Enfin, la Renaissance est surtout une période fortement marquée par l’idée de réforme : il faut réformer l’État, mais aussi l’Église dont beaucoup critiquent le fonctionnement et les bases. La christianisation de la population étant à son maximum, de plus en plus de personnes réfléchissent au sens de la religion et comparent la réalité des pratiques et des croyances avec leurs réflexions. Il va sans dire que les remises en cause, parfois manipulées par les souverains quand il s’agit de tenir le pouvoir papal à distance, ne sont pas forcément bien accueillies et s’accompagnent d’un raidissement, mais aussi d’intenses débats internes, de l’Église. La naissance des premiers vrais courants réformés qui donneront le protestantisme laisse d’abord l’espoir qu’il est possible de trouver des terrains d’entente et de réconciliation, mais la conversion se nourrit aussi de l’opposition (par exemple entre une communauté de laïc et son monastère au sujet de la dîme). Quoi qu’il en soit, il s’installe une véritable cacophonie qui perturbe les fidèles ne sachant plus quelle autorité religieuse écouter. Le schisme naissant ne fait cependant pas disparaitre l’idéal de réforme chez les catholiques, mais la lutte contre les réformés devient vite l’objectif prioritaire. D’un point de vue culturel, la Renaissance voit l’émergence d’une érudition nouvelle stimulée par l’essor de l’imprimerie. La soif de réforme pousse en effet les savants à rechercher le savoir originel, et donc à redécouvrir le latin ancien, le grec et les textes fondateurs du christianisme afin de générer un homme nouveau. Afin de mieux se démarquer de leurs prédécesseurs, les hommes de la Renaissance rejettent les écrits du Moyen-Âge tout en conservant l’univers mental de cette période. D’abord influencés par l’Italie, les arts se développent pour faire apparaitre un style pleinement français reconnu en Europe.

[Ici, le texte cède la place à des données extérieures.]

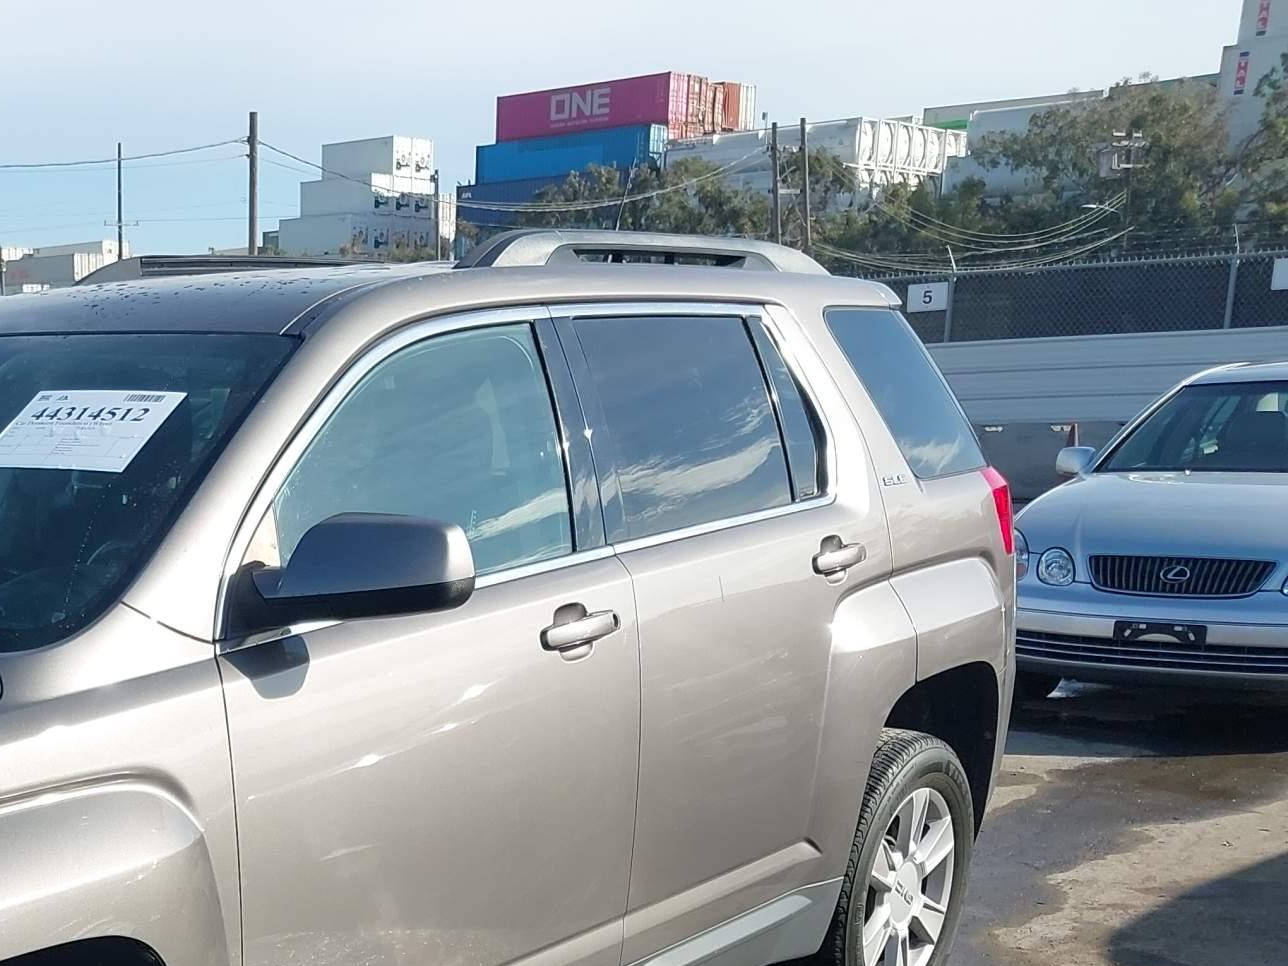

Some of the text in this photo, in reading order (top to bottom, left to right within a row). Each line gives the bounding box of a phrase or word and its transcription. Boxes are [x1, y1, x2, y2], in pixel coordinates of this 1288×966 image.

[550, 88, 611, 121] ONE
[922, 290, 933, 304] 5
[31, 406, 151, 422] 44314512
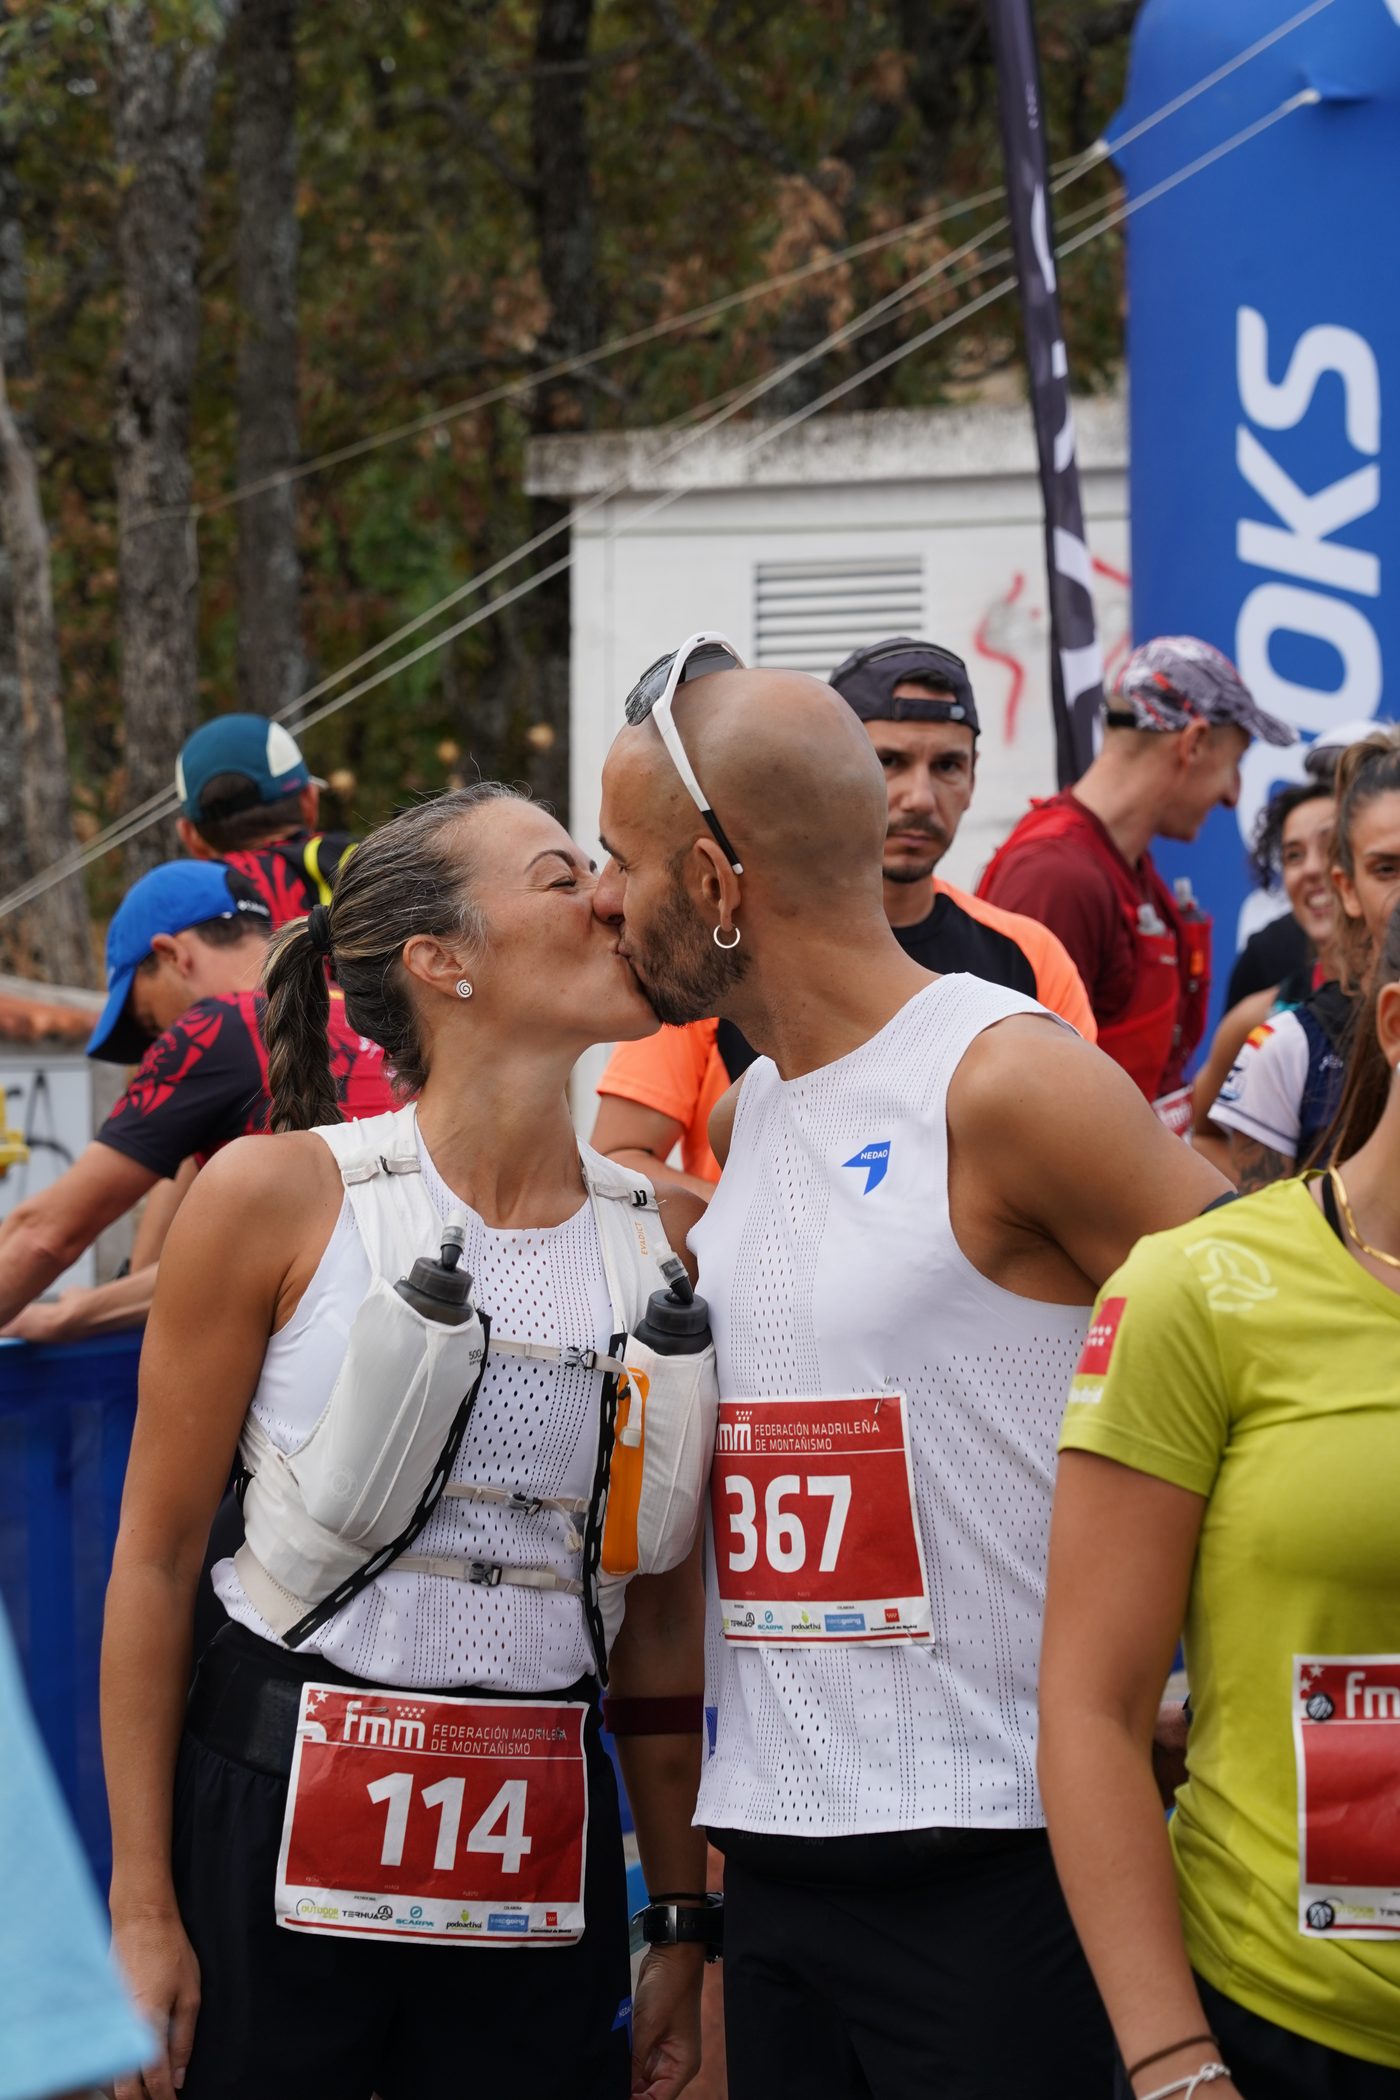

Au menu de l’atelier de l’historien : la présentation des sources nouvelles apparues dans la période (registres paroissiaux, lettres de rémission, archéologie urbaine), l’historiographie de la période à travers des exemples (François Ier, Rabelais, l’exploration française en Amérique), puis les débats sur la nature de l’État, sur la réalité du nouvel homme voulu par les humanistes et enfin l’histoire des femmes.